▽

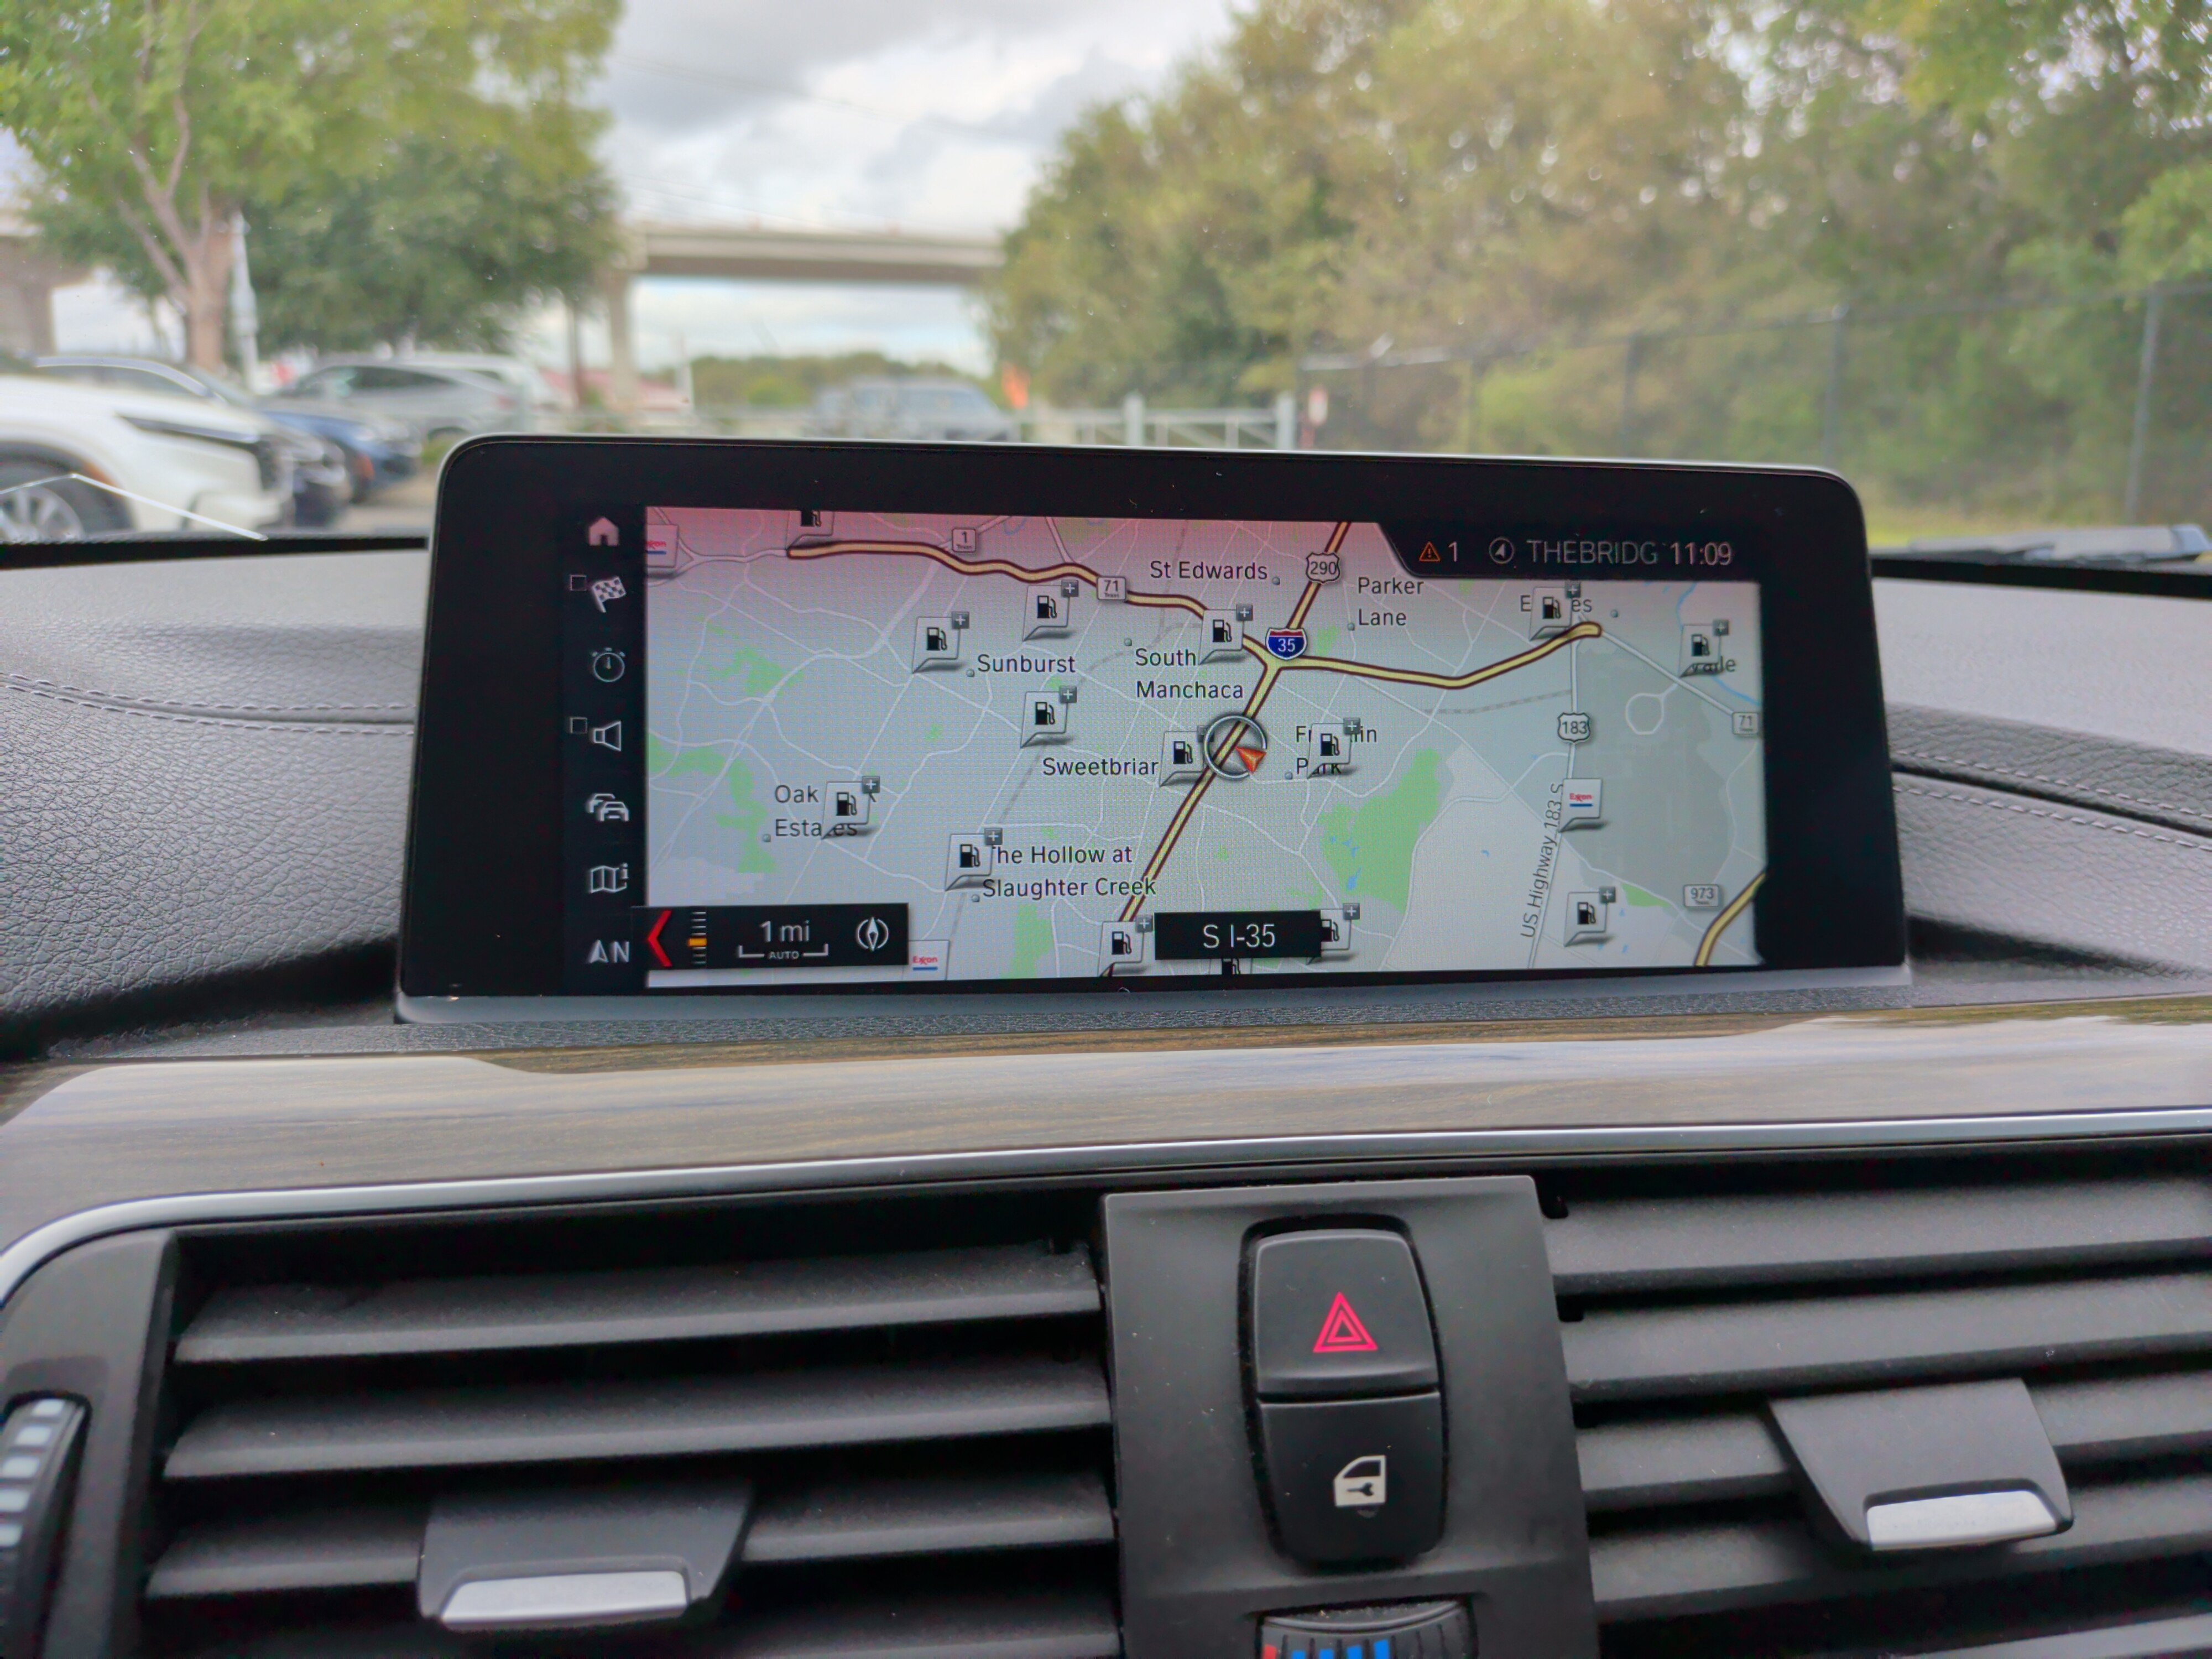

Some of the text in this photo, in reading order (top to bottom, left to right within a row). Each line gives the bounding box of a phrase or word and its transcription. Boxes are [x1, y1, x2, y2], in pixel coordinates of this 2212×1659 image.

[961, 531, 967, 543] 1
[1448, 542, 1458, 562] 1
[1527, 539, 1658, 564] THEBRIDG
[1670, 542, 1733, 565] 11:09
[1150, 561, 1267, 580] St Edwards
[1310, 561, 1337, 575] 290
[1104, 580, 1118, 591] 71
[1358, 577, 1423, 594] Parker
[1359, 609, 1406, 626] Lane
[1278, 638, 1295, 652] 35
[978, 655, 1075, 674] Sunburst
[1136, 649, 1196, 667] South
[1136, 681, 1243, 698] Manchaca
[1562, 721, 1587, 734] 183
[1043, 758, 1159, 776] Sweetbriar
[775, 785, 819, 803] Oak
[1545, 800, 1563, 828] 183
[776, 818, 858, 836] Estaes
[1031, 846, 1105, 864] Hollow
[1112, 847, 1133, 863] at
[1527, 835, 1558, 908] Highway
[983, 878, 1156, 900] Slaughter Creek
[1691, 888, 1714, 899] 973
[760, 920, 810, 942] 1 mi
[1520, 912, 1540, 937] US
[1202, 924, 1276, 949] S I-35
[768, 951, 799, 960] AUTO

△

TASK REQUIREMENTS:
Give the data again exactly, without pictures.

OUTPUT BELOW:
Some of the text in this photo, in reading order (top to bottom, left to right within a row). Each line gives the bounding box of a phrase or word and its transcription. Boxes are [x1, y1, x2, y2], in pixel coordinates of this 2212×1659 image.

[961, 531, 967, 543] 1
[1448, 542, 1458, 562] 1
[1527, 539, 1658, 564] THEBRIDG
[1670, 542, 1733, 565] 11:09
[1150, 561, 1267, 580] St Edwards
[1310, 561, 1337, 575] 290
[1104, 580, 1118, 591] 71
[1358, 577, 1423, 594] Parker
[1359, 609, 1406, 626] Lane
[1278, 638, 1295, 652] 35
[978, 655, 1075, 674] Sunburst
[1136, 649, 1196, 667] South
[1136, 681, 1243, 698] Manchaca
[1562, 721, 1587, 734] 183
[1043, 758, 1159, 776] Sweetbriar
[775, 785, 819, 803] Oak
[1545, 800, 1563, 828] 183
[776, 818, 858, 836] Estaes
[1031, 846, 1105, 864] Hollow
[1112, 847, 1133, 863] at
[1527, 835, 1558, 908] Highway
[983, 878, 1156, 900] Slaughter Creek
[1691, 888, 1714, 899] 973
[760, 920, 810, 942] 1 mi
[1520, 912, 1540, 937] US
[1202, 924, 1276, 949] S I-35
[768, 951, 799, 960] AUTO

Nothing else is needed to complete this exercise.